At the architecture and kernel level, LLaMA uses pre-normalization with RMSNorm, SwiGLU activations, and rotary positional embeddings. These choices preserve the accelerator-friendly dense matmul structure while improving stability and quality. The optimizer is AdamW with beta values 0.9 and 0.95, cosine learning-rate decay to 10% of peak, weight decay 0.1, gradient clipping 1.0, and 2,000 warmup steps.

The efficient implementation section is directly hardware-shaped. The xFormers causal attention implementation reduces memory usage and runtime by not storing attention weights and not computing masked key/query scores. Activation checkpointing is selective: the implementation saves expensive activations, such as linear-layer outputs, and manually implements Transformer backward functions rather than relying wholly on PyTorch autograd. To benefit fully, it uses model and sequence parallelism and overlaps activation computation with network communication from all-reduce operations.

Evidence

The paper's headline evidence is that LLaMA-13B outperforms GPT-3 175B on most reported benchmarks while being more than 10x smaller, and the 65B model is competitive with Chinchilla-70B and PaLM-540B. The authors explicitly state that LLaMA-13B can run on a single V100 GPU during inference, which is the key compute-effect claim: benchmark quality moves into a much cheaper serving envelope.

Concrete benchmark tables support this. On common-sense reasoning, LLaMA-13B reports 78.1 BoolQ, 80.1 PIQA, 79.2 HellaSwag, 73.0 WinoGrande, and 52.7 ARC-Challenge, compared with GPT-3's 60.5, 81.0, 78.9, 70.2, and 51.4. LLaMA-65B reports 85.3 BoolQ and 84.2 HellaSwag, exceeding the cited Chinchilla-70B values on all listed common-sense tasks except BoolQ and exceeding PaLM-540B except on BoolQ and WinoGrande.

On closed-book QA, LLaMA-65B reaches 68.2 zero-shot and 73.0 64-shot exact match on TriviaQA, while LLaMA-13B reaches 56.6 and 64.0. On MMLU, LLaMA-13B scores 46.9 average, above GPT-3's 43.9; LLaMA-65B scores 63.4, behind Chinchilla-70B's 67.5 and PaLM-540B's 69.3. On code, LLaMA-13B reaches 15.8 pass@1 on HumanEval and 22.0 on MBPP, outperforming LaMDA-137B in that table.

Historical Effect

LLaMA made the smaller-but-more-tokens recipe the center of open dense LLM development. It connected Chinchilla-era data scaling to deployment economics: not "what is the largest model we can train," but "what model reaches a quality target at an inference budget people can actually use." That shift explains why 7B and 13B checkpoints became so historically important even though the paper also trained 33B and 65B models.
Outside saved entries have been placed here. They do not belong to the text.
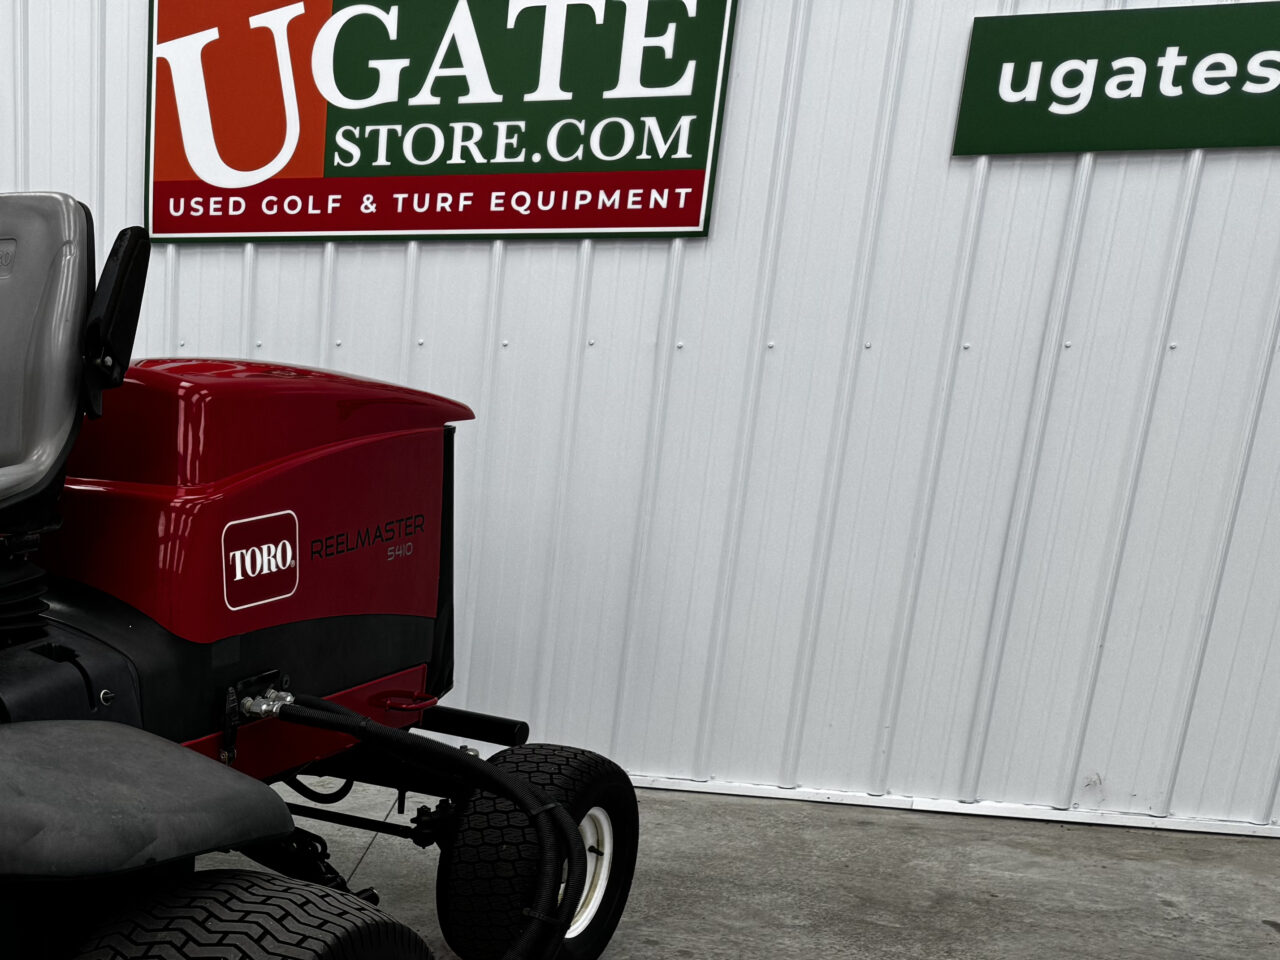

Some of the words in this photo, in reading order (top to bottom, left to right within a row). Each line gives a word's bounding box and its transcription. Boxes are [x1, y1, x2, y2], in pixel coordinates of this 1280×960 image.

[156, 0, 697, 189] UGATE
[333, 115, 697, 167] STORE.COM
[169, 196, 247, 217] USED
[261, 194, 342, 215] GOLF
[360, 193, 377, 214] &
[393, 192, 474, 213] TURF
[490, 188, 693, 215] EQUIPMENT
[310, 514, 425, 561] REELMASTER
[387, 542, 413, 561] 5410
[229, 539, 293, 581] TORO
The paper also established a public-data-only baseline that was competitive with closed data models. Combined with research-community release, this turned A100-trained dense models into a reproducible platform for fine-tuning, quantization, retrieval augmentation, instruction tuning, and local inference work.

Limits

The hardware report is precise about A100 class, GPU-hours, and aggregate development scale, but it does not provide a full cluster topology comparable to BLOOM's Jean Zay description. It also reports a five-month development estimate rather than a clean separation of every ablation, failed run, and final training job.

The model is a base foundation model, not a complete RLHF/chat system. The paper includes a small instruction-finetuning experiment but not the later full chat alignment recipe. It also reports important weaknesses: toxicity and bias evaluations remain limited, TruthfulQA scores improve over GPT-3 but remain low in absolute terms, and MMLU lags Chinchilla and PaLM, plausibly because LLaMA used much less books/academic-paper data. Finally, the 65B model still requires hyperscale A100 training; the serving wins do not make pretraining cheap.